I think opera is actually pretty off-putting for someone exploring classical music for the first time. I'd go with some symphonies first. Beethoven #7, Brahms #3, Mahler #2 to start. I'm not the biggest fan of the Classic Period, so you'd have to go elsewhere for your Haydn and Mozart symphony recommendation.

As far as smaller, chamber works - Early music, you can't go wrong with Marin Marais or my namesake, Orlandus Lassus (diLasso, etc.) Schubert and Szymanowski for string quartets. Some people love their solo piano work, and here I would go for Brahms as well, with the dark horse of Charles Alkan.
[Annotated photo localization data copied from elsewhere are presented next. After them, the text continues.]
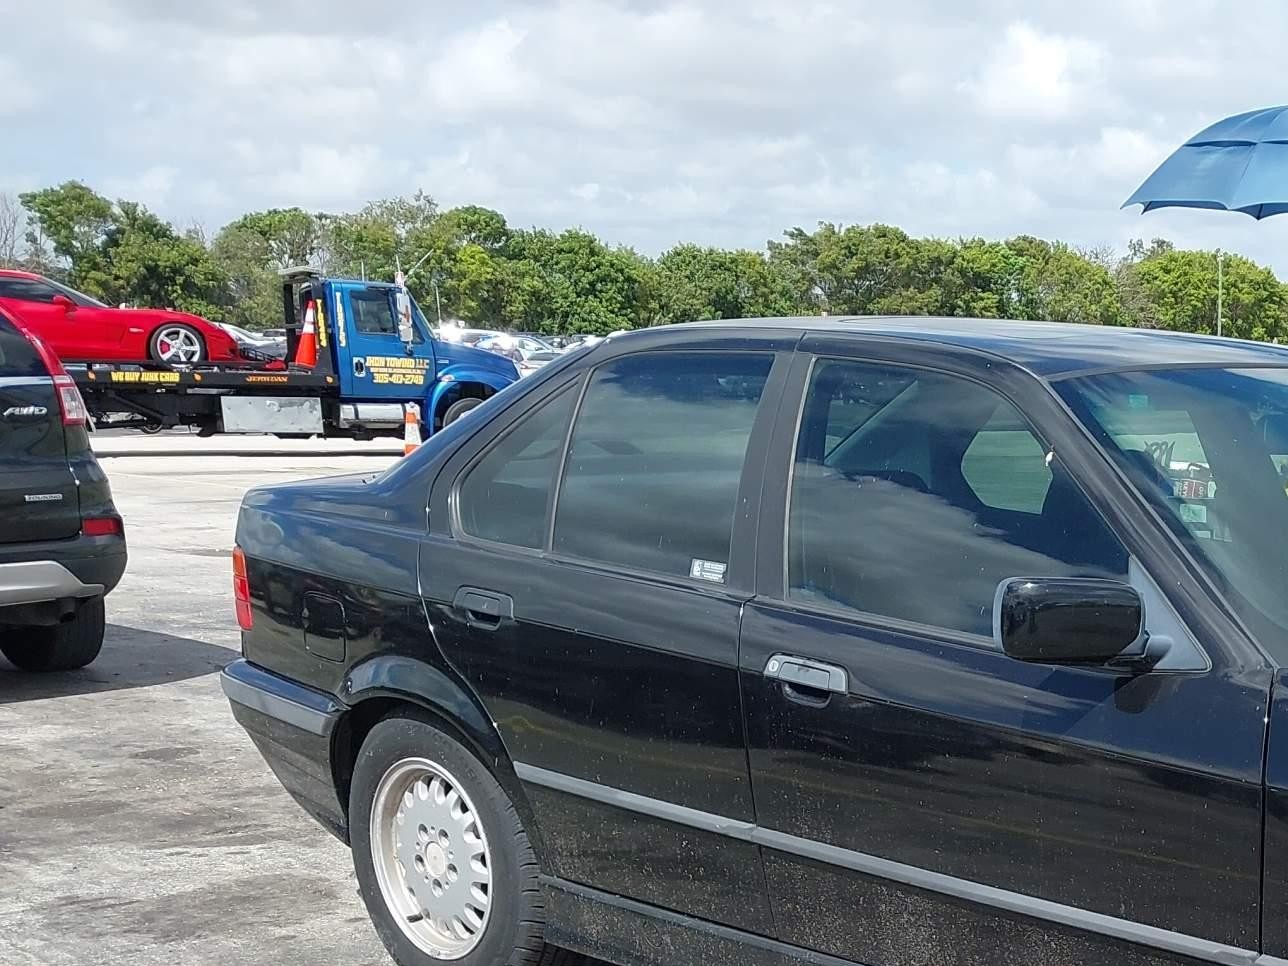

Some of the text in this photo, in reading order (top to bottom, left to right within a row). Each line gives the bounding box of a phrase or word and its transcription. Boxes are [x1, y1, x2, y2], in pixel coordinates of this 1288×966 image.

[416, 358, 430, 369] LLC
[111, 371, 180, 383] WE BUY JUNK CARS
[3, 406, 48, 416] AWD
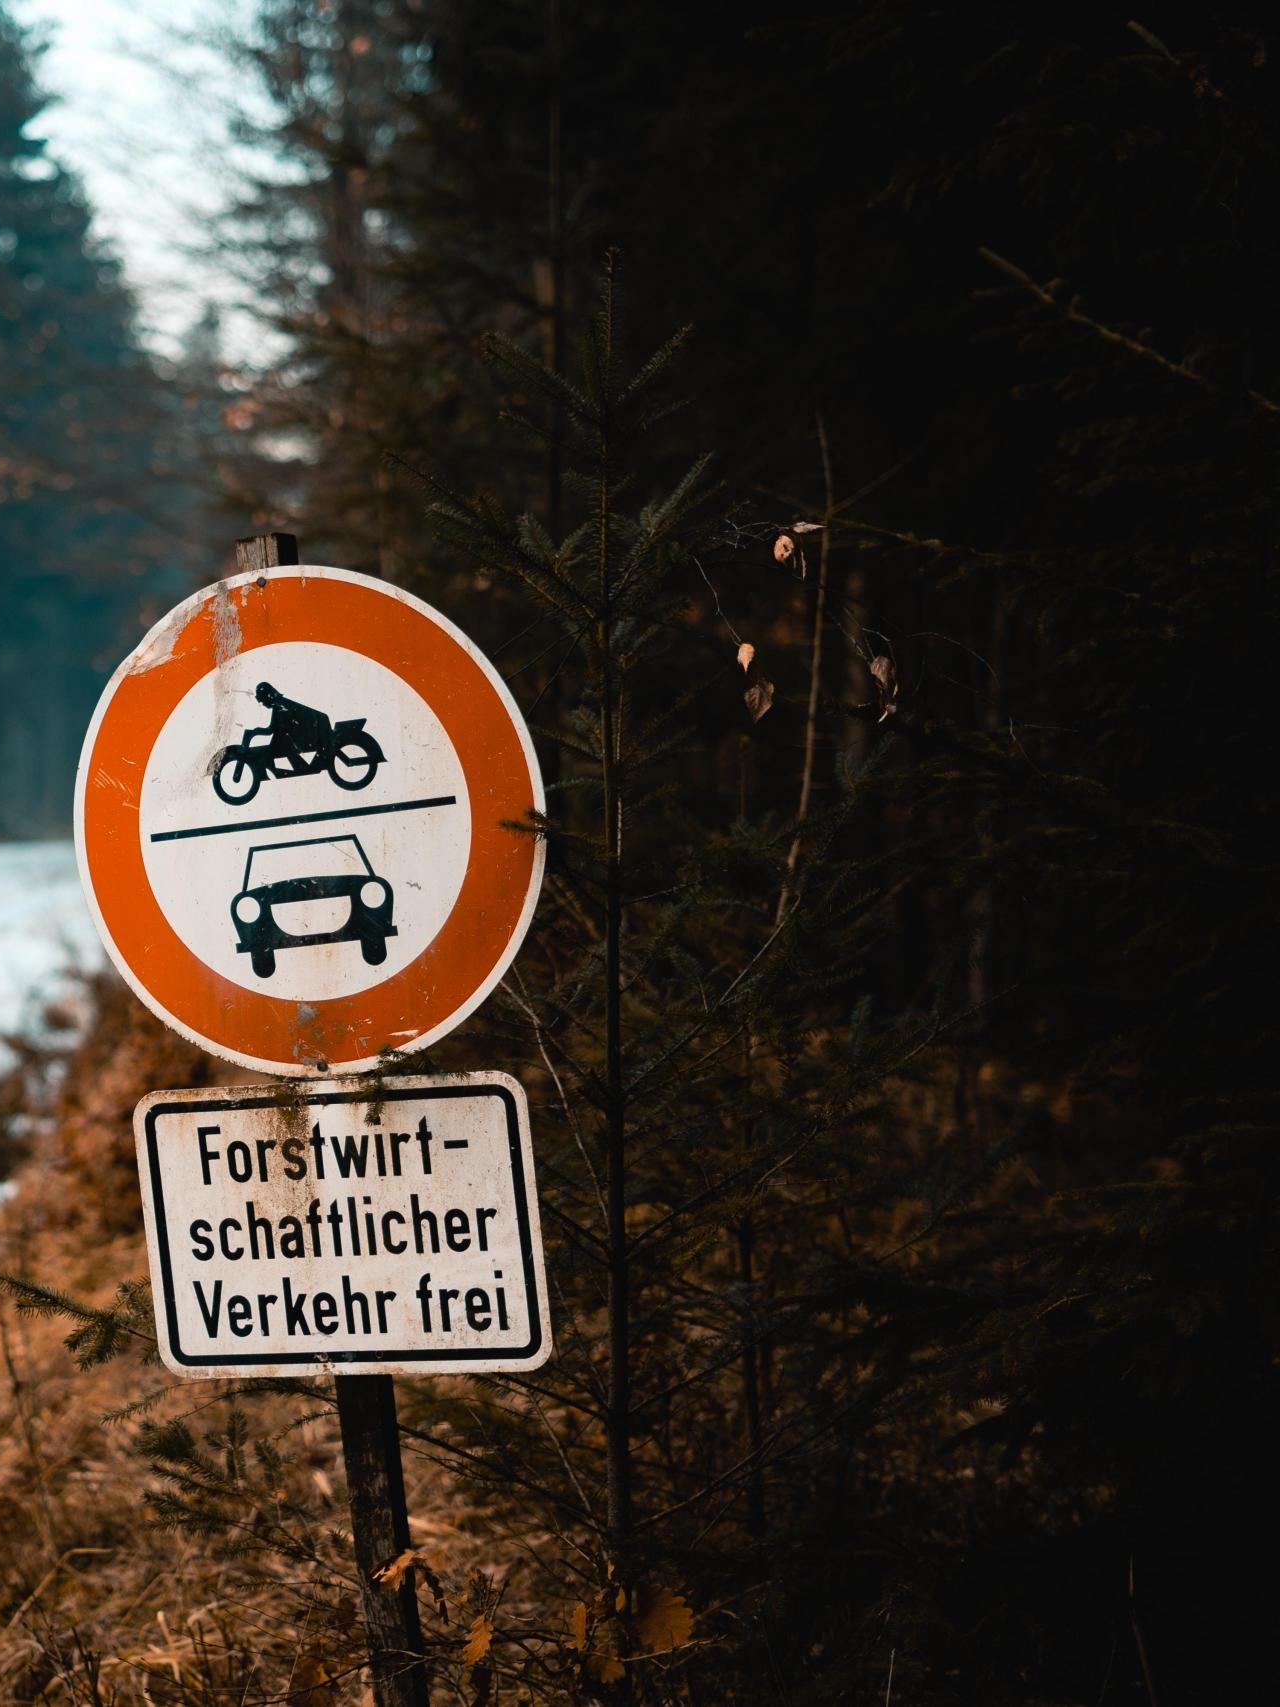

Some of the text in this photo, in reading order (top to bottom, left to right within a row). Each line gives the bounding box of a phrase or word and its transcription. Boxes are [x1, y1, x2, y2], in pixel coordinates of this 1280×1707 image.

[197, 1115, 469, 1185] Forstwirt-
[189, 1194, 498, 1261] schaftlicher
[192, 1270, 510, 1339] Verkehr frei
That's at least a good start.
   63. PreservedFish Posted: May 05, 2012 at 12:59 AM (#4123979)
I have a feeling that whenever I make the breakthrough to enjoying classical music, it might involve marijuana.
   64. vortex of dissipation Posted: May 05, 2012 at 01:05 AM (#4123980)
I'm not the biggest fan of the Classic Period, so you'd have to go elsewhere for your Haydn and Mozart symphony recommendation.


I listen mostly to rock and folk music, but I love Haydn's Symphony No.94.
   65. Dan Szymborski Posted: May 05, 2012 at 01:10 AM (#4123982)
I think opera is actually pretty off-putting for someone exploring classical music for the first time. I'd go with some symphonies first. Beethoven #7, Brahms #3, Mahler #2 to start. I'm not the biggest fan of the Classic Period, so you'd have to go elsewhere for your Haydn and Mozart symphony recommendation.


Honestly, I wouldn't recommmend absolute music for a beginner in most cases. Program music, stuff like Ma Vlast or the Symphonie fantastique or the Manfred Symphony or various symphonic poems are very useful in that they provide a context for someone dipping their toe into a new sound world. It's generally easier for a beginner to relate to "this is the part where Sarka and the rest of the rebel women slit the throats of the sleeping drunk men" rather than "here's where Mahler finally gets to the E-flat major chord he's been teasing for an hour."
   66. Lassus Posted: May 05, 2012 at 01:48 AM (#4123993)
I see your point, Dan, but I simply disagree, philosophically. I think the pressure of "Here's the program, you should see this happening" is difficult because it is STILL subjective. I prefer initial exposure being absolute music, which at least to me seems to have fewer constraints on the listener.
   67. Avoid running at all times.-S. Paige Posted: May 05, 2012 at 02:39 AM (#4124002)
Well I'm as cool as a cucumber in a bowl of hot sauce
You've got the rhyme and reason but no cause
Well if you're hot to trot you think you're slicker than grease
I've got news for you crews you'll be sucking like a leech

I'm really just so sad about MCA's passing. There was so much joy and fun in his art. Thanks Adam.
   68. Leroy Kincaid Posted: May 05, 2012 at 08:32 AM (#4124020)
Hell yes, find a good opera and check that #### out.

I dig classical music but can't stand opera for the most part.

The easiest guys to get into classical music tend to be the heavy metal fans. I'm not one, but there's a lot of overlap.

I think it's due mostly to the guitarists in metal/hard rock. The classically influenced styles of guys from Blackmore to Rhoads, to Malmsteen, et al likely led listeners to Bach, Mozart, etc.
   69. GGC don't think it can get longer than a novella Posted: May 05, 2012 at 08:51 AM (#4124024)
Ahhh, Bach! I'm partial to the fugue.

/ro'reilly
   70. Joe Bivens, Minor Genius Posted: May 05, 2012 at 01:03 PM (#4124153)
WERS in Boston was playing Cookie Puss in the '79 or '80. Wiki says it was recorded in '83, and while that may be true, there was a tape of it that is a bit different from that recording. The bass was much fuzzier, and much deeper, and slower. Somehoe, ERS had it, and played it a lot.
   71. depletion Posted: May 05, 2012 at 05:29 PM (#4124353)
I have a feeling that whenever I make the breakthrough to enjoying classical music, it might involve marijuana.

You're allowed to do that. Well, actually you aren't, but I'll give you a pass just this once.
Try a Beethoven Piano concerto. Try Wozzeck. Debussy sacred and profane danses. The list is long.

I think Run-DMC might have had the rock beats in rap before the Beasties, but there's no doubt that the Beastie Boys greatly expanded the audience for rap.